▶ [Try it] Copy nothing but the text: repeat each entry exactly and drop the images.

▶ [The records]
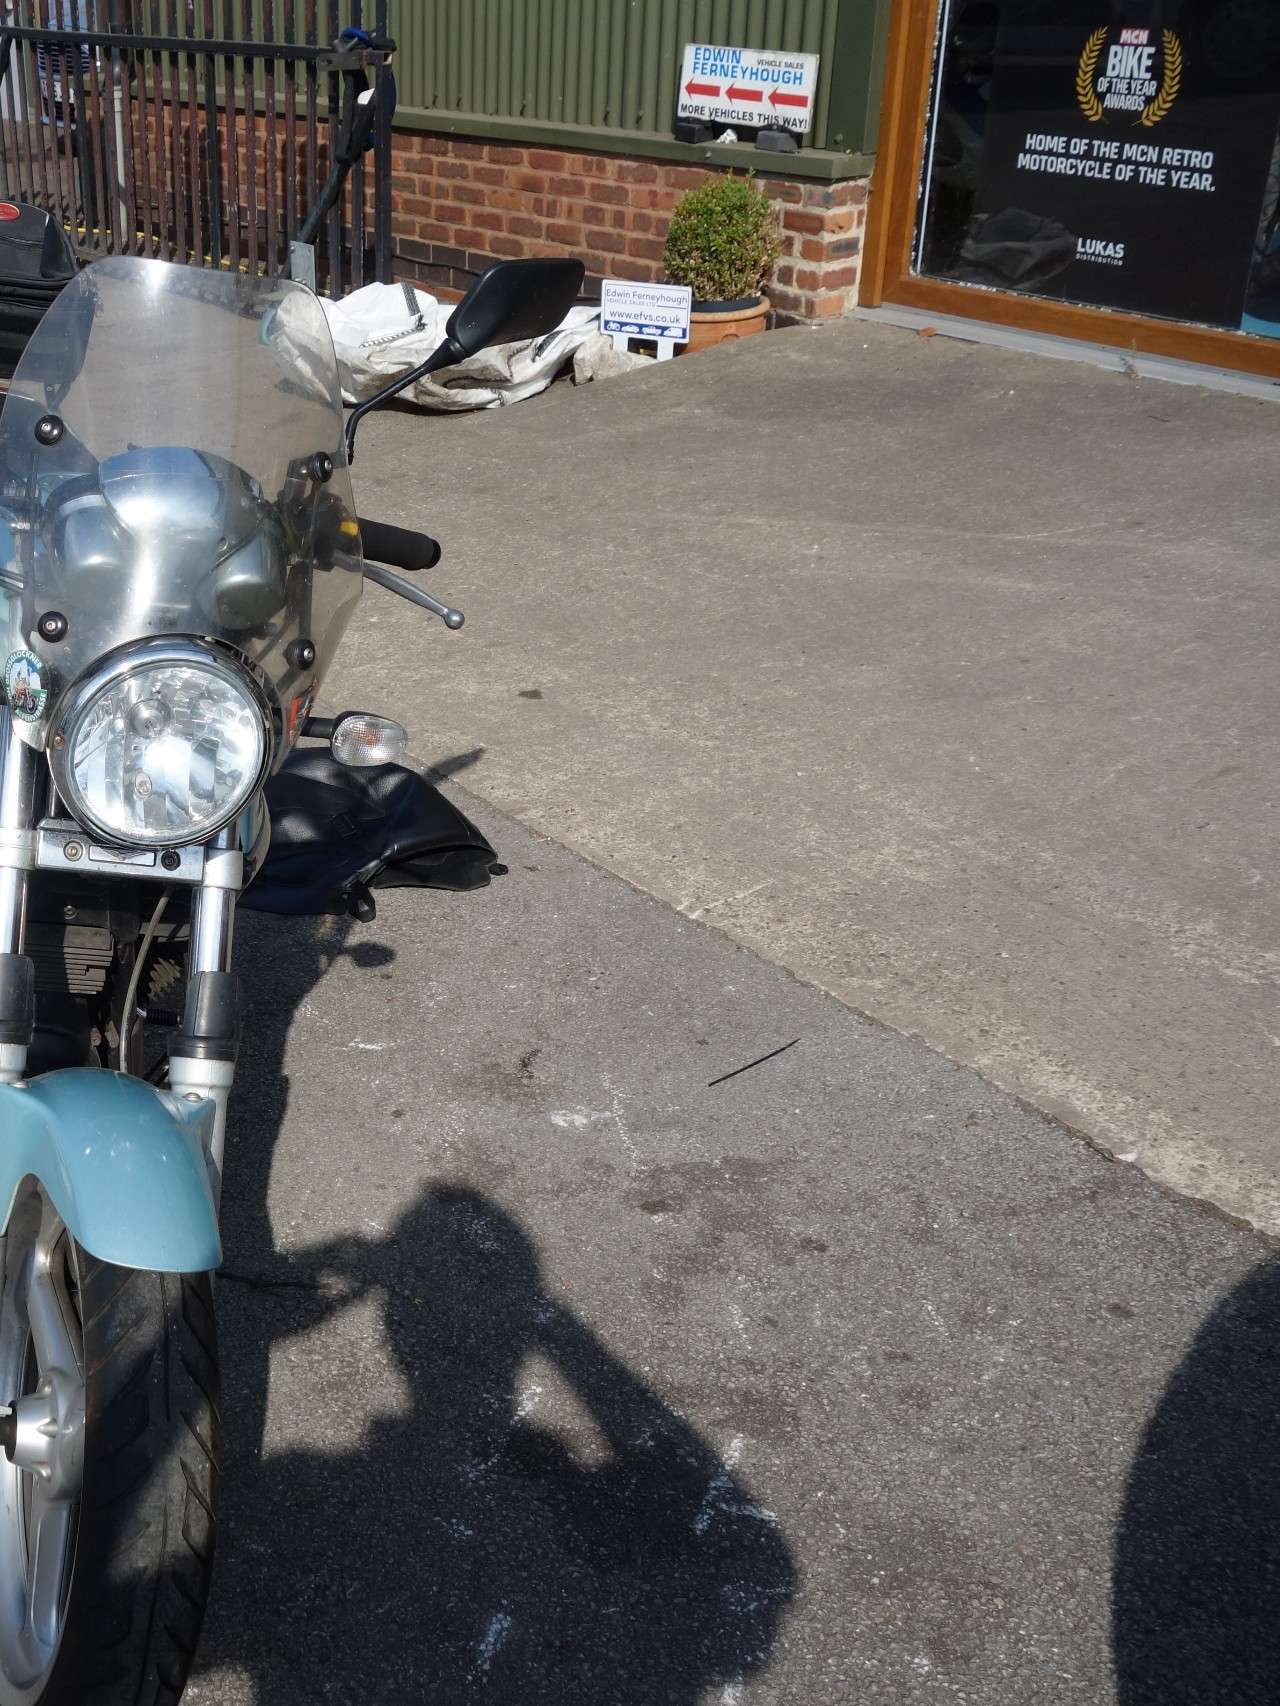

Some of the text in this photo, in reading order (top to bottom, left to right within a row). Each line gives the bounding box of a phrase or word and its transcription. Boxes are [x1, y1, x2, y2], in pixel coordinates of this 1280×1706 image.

[1120, 29, 1149, 45] MCN
[694, 47, 742, 64] EDWIN
[757, 58, 804, 70] VEHICLE SALES
[1106, 45, 1156, 80] BIKE
[692, 61, 804, 86] FERNEYHOUGH
[1097, 77, 1158, 97] OF THE YEAR
[1103, 93, 1146, 111] AWARDS
[680, 103, 808, 130] MORE VEHICLES THIS WAY!
[1025, 133, 1214, 169] HOME OF THE MCN RETRO
[1017, 152, 1217, 192] MOTORCYCLE OF THE YEAR.
[1076, 237, 1125, 259] LUKAS
[606, 289, 688, 306] Edwin Ferneyhough
[609, 310, 681, 324] www.efvs.co.uk
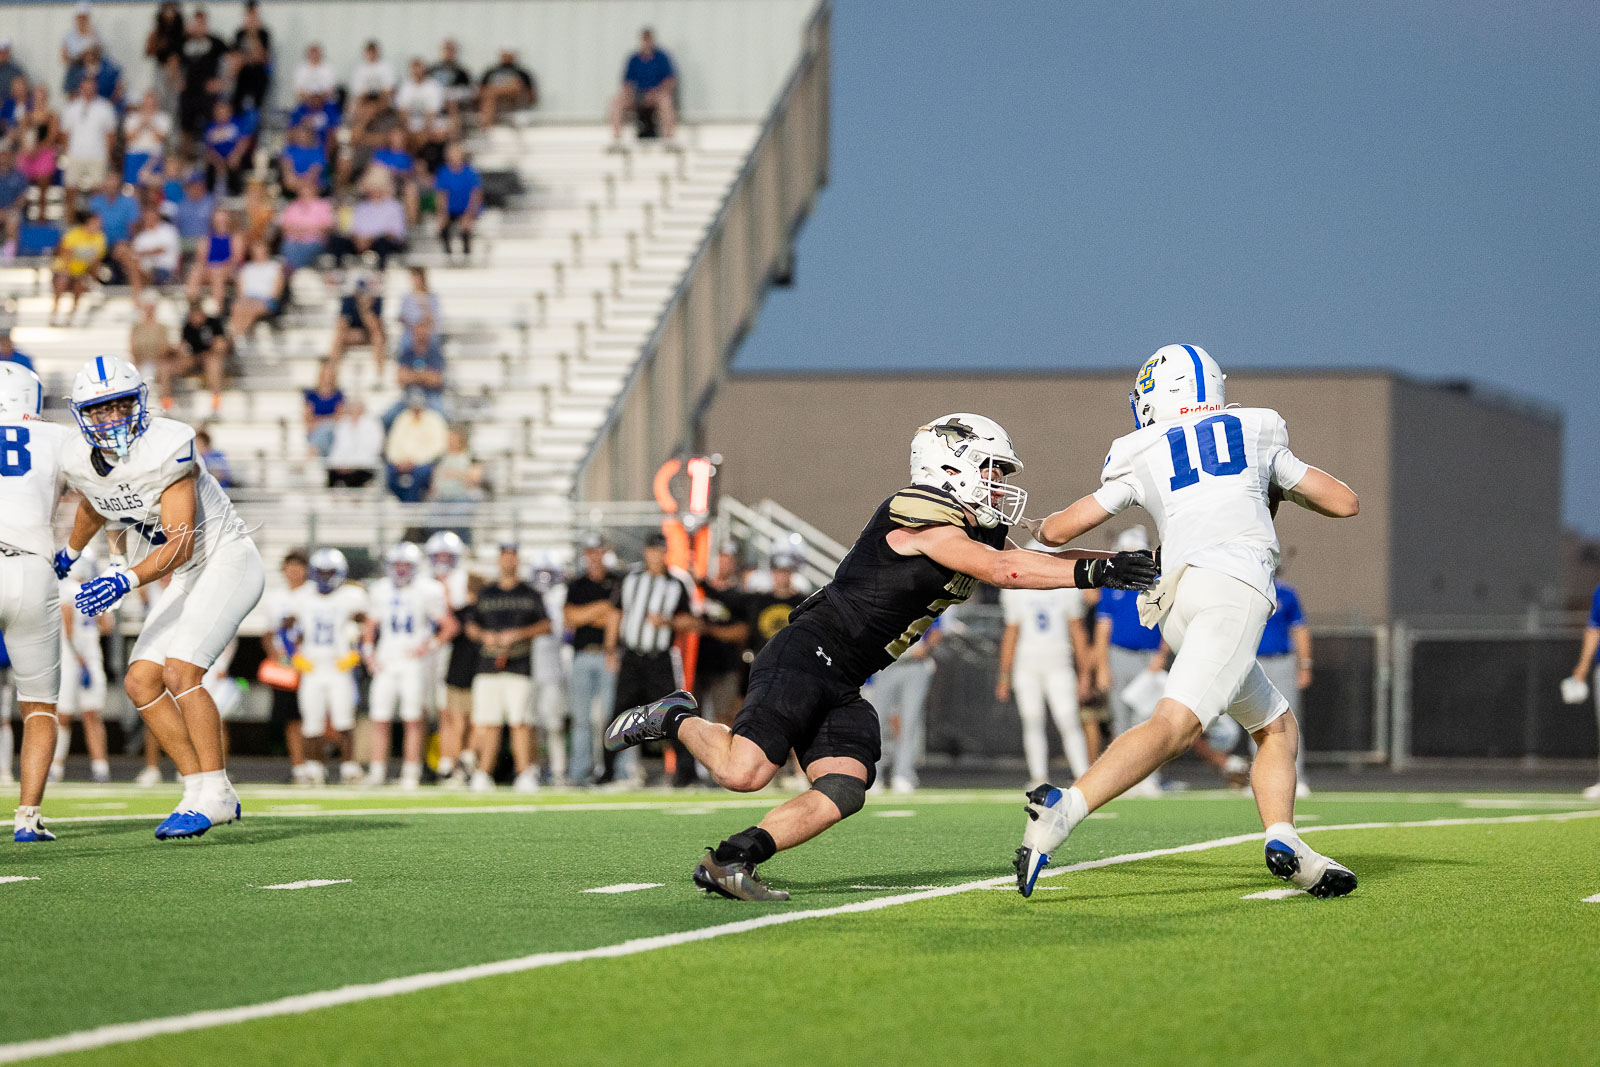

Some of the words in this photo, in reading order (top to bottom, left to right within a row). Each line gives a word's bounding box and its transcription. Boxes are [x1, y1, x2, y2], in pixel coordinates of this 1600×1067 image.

[0, 426, 32, 477] 8
[1165, 414, 1248, 491] 10
[94, 493, 144, 512] EAGLES
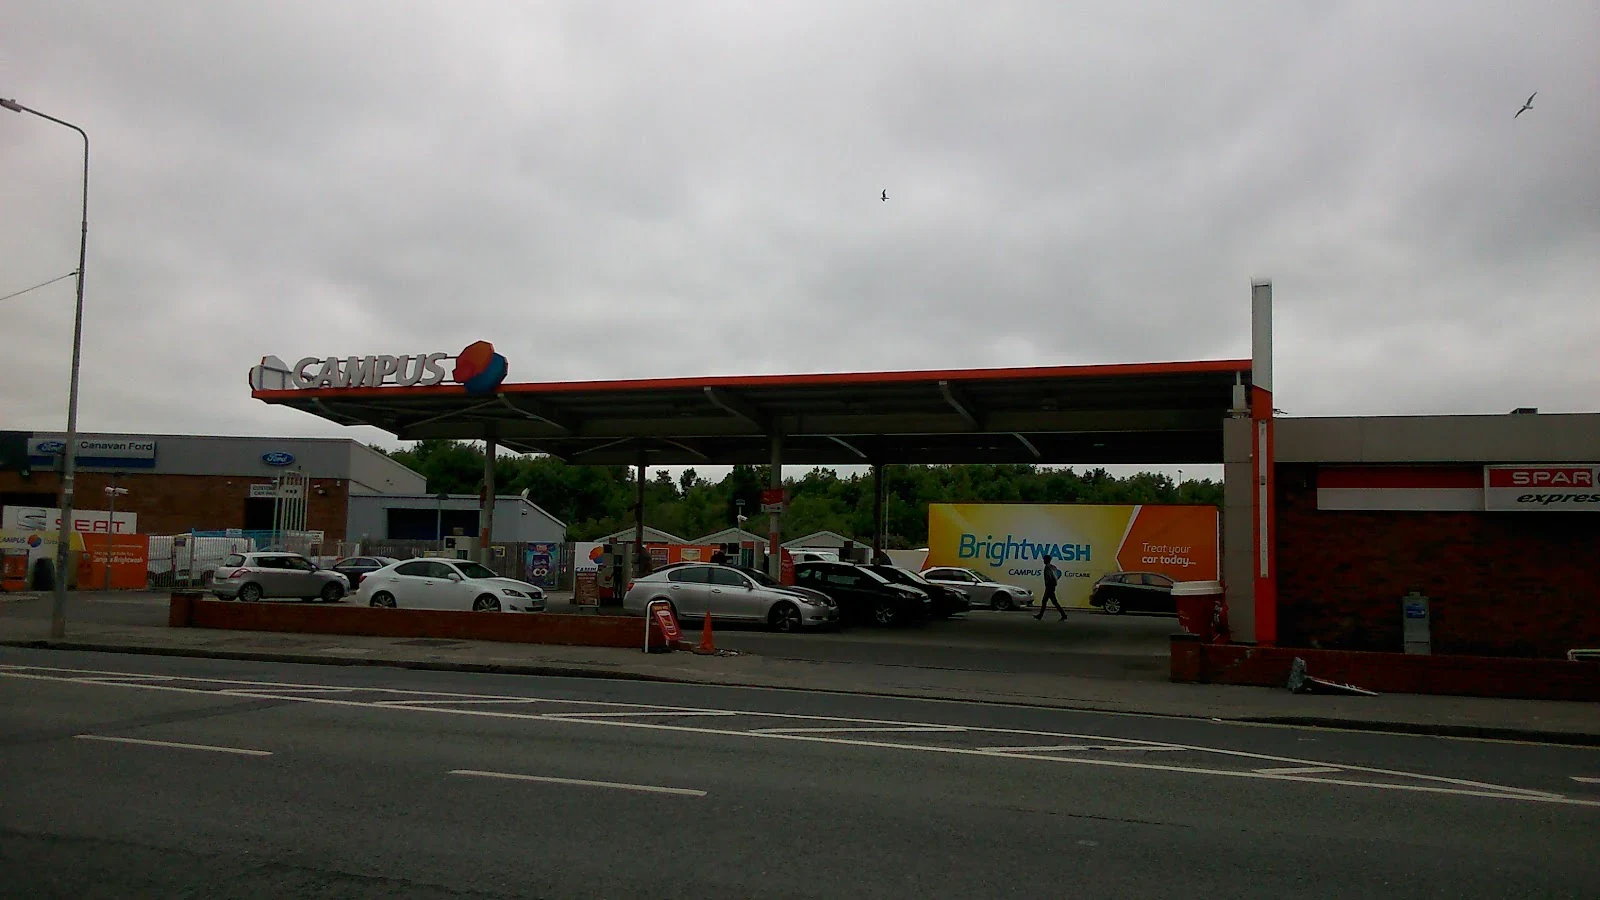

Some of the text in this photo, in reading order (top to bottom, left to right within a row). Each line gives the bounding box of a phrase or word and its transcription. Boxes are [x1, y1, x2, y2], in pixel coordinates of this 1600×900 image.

[292, 352, 448, 389] CAMPUS
[80, 441, 154, 451] Canavan Ford
[1512, 471, 1592, 485] SPAR
[1141, 542, 1192, 555] Treat your
[1141, 556, 1159, 564] car
[1008, 568, 1042, 577] CAMPUS
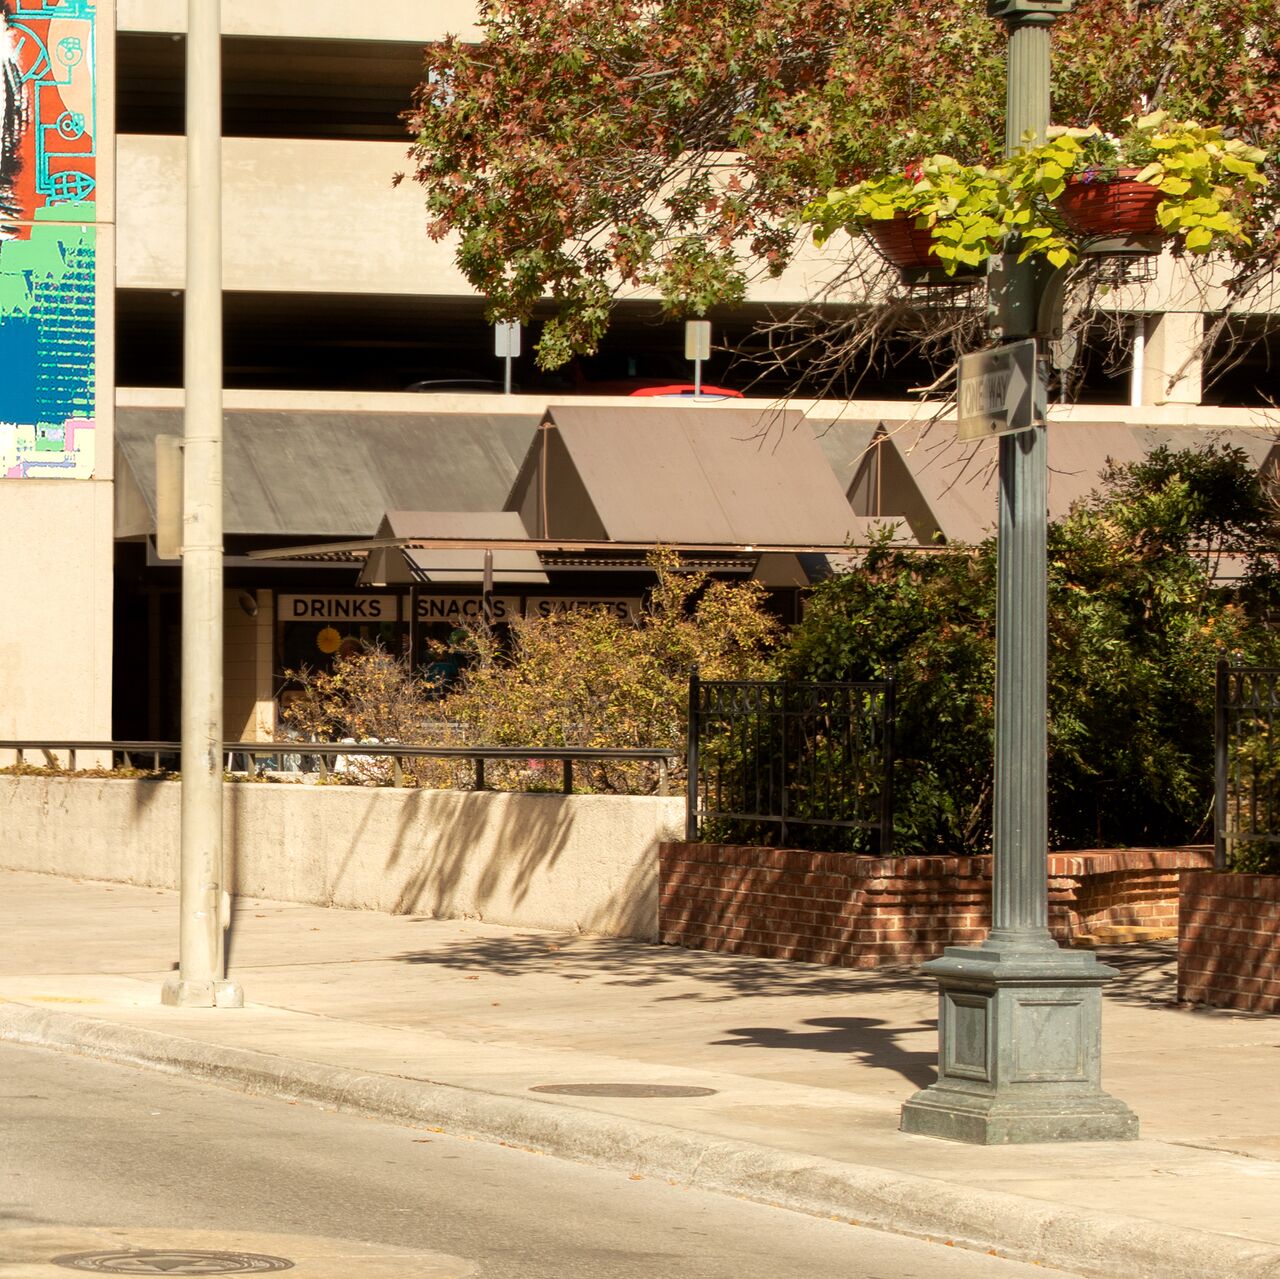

▶ [Answer space]
Some of the text in this photo, in reading order (top to bottom, left to right within a row). Each line gives the bounding box of a phrase or word and its transcription. Boxes are [x1, y1, x2, y2], in pixel coordinates of this 1280×1706 image.

[1120, 29, 1149, 45] MCN
[694, 47, 742, 64] EDWIN
[757, 58, 804, 70] VEHICLE SALES
[1106, 45, 1156, 80] BIKE
[692, 61, 804, 86] FERNEYHOUGH
[1097, 77, 1158, 97] OF THE YEAR
[1103, 93, 1146, 111] AWARDS
[680, 103, 808, 130] MORE VEHICLES THIS WAY!
[1025, 133, 1214, 169] HOME OF THE MCN RETRO
[1017, 152, 1217, 192] MOTORCYCLE OF THE YEAR.
[1076, 237, 1125, 259] LUKAS
[606, 289, 688, 306] Edwin Ferneyhough
[609, 310, 681, 324] www.efvs.co.uk

Some of the words in this photo, in reading order (top to bottom, left to right within a row). Each line gives a word's bounding box and its transcription. Boxes are [x1, y1, x2, y2], in pixel coordinates of this 1600×1067 image.

[0, 426, 32, 477] 8
[1165, 414, 1248, 491] 10
[94, 493, 144, 512] EAGLES

Some of the text in this photo, in reading order (top to bottom, left to right within a row). Each line gives the bounding box of a phrase or word and its transcription. Boxes are [x1, y1, x2, y2], in pixel coordinates of this 1600×900 image.

[292, 352, 448, 389] CAMPUS
[80, 441, 154, 451] Canavan Ford
[1512, 471, 1592, 485] SPAR
[1141, 542, 1192, 555] Treat your
[1141, 556, 1159, 564] car
[1008, 568, 1042, 577] CAMPUS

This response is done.